Absolute Value Function Properties
| Function | Definition | Domain | Range | |------------------------|---------------------|---------------------|------------------| | Absolute Value Function| f(x) = \lvert x \rvert | (-\infty, \infty) | [0, \infty) |. The absolute value function forms a distinctive V-shape because it measures a number's distance from zero, which is always non-negative. This creates a sharp corner at the vertex (0,0) where the function changes from decreasing to increasing. The function accepts all real numbers but only produces non-negative outputs. For example: The absolute value function f(x) = |x| accepts all real numbers as inputs. For example, f(-7) = 7 and f(5) = 5.. This skill is part of Grade 11 math in enVision, Algebra 2.
Key Concepts
| Function | Definition | Domain | Range | | | | | | | Absolute Value Function| $f(x) = \lvert x \rvert$ | $( \infty, \infty)$ | $[0, \infty)$ |.
Common Questions
What is Absolute Value Function Properties?
| Function | Definition | Domain | Range | |------------------------|---------------------|---------------------|------------------| | Absolute Value Function| f(x) = \lvert x \rvert | (-\infty, \infty) | [0, \infty) |.
How does Absolute Value Function Properties work?
Example: The absolute value function f(x) = |x| accepts all real numbers as inputs. For example, f(-7) = 7 and f(5) = 5.
Give an example of Absolute Value Function Properties.
The function creates a V-shaped graph with its vertex at the origin (0,0). The sharp corner occurs because the function changes direction at x = 0.
Why is Absolute Value Function Properties important in math?
The absolute value function forms a distinctive V-shape because it measures a number's distance from zero, which is always non-negative. This creates a sharp corner at the vertex (0,0) where the function changes from decreasing to increasing.

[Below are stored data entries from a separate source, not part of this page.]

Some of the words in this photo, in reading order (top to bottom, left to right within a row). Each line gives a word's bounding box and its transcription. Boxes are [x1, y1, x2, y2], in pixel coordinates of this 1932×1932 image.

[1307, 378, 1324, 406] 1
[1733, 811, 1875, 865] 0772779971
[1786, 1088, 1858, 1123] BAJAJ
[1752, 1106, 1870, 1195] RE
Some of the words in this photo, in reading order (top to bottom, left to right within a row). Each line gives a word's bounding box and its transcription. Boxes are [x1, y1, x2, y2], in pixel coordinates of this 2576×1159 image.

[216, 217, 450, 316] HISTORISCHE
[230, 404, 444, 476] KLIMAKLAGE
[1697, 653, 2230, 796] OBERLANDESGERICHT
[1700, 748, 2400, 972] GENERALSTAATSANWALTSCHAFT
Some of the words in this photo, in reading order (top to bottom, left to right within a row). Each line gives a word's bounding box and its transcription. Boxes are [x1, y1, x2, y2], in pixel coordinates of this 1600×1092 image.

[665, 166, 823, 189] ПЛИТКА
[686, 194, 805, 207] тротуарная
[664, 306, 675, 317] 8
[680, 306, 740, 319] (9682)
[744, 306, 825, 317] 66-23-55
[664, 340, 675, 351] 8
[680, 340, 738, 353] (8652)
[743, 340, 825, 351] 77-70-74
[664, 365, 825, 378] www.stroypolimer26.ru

What grade level covers Absolute Value Function Properties?
Absolute Value Function Properties is a Grade 11 math topic covered in enVision, Algebra 2 in Chapter 1: Linear Functions and Systems. Students at this level study the concept as part of their grade-level standards and are expected to explain, analyze, and apply what they have learned.
What are typical Absolute Value Function Properties problems?
The absolute value function f(x) = |x| accepts all real numbers as inputs. For example, f(-7) = 7 and f(5) = 5.; The function creates a V-shaped graph with its vertex at the origin (0,0). The sharp corner occurs because the function changes direction at x = 0.; Since absolute value measures distance from zero, the range is [0, \infty) because distance is always non-negative. For instance, both |-3| and |3| equal 3.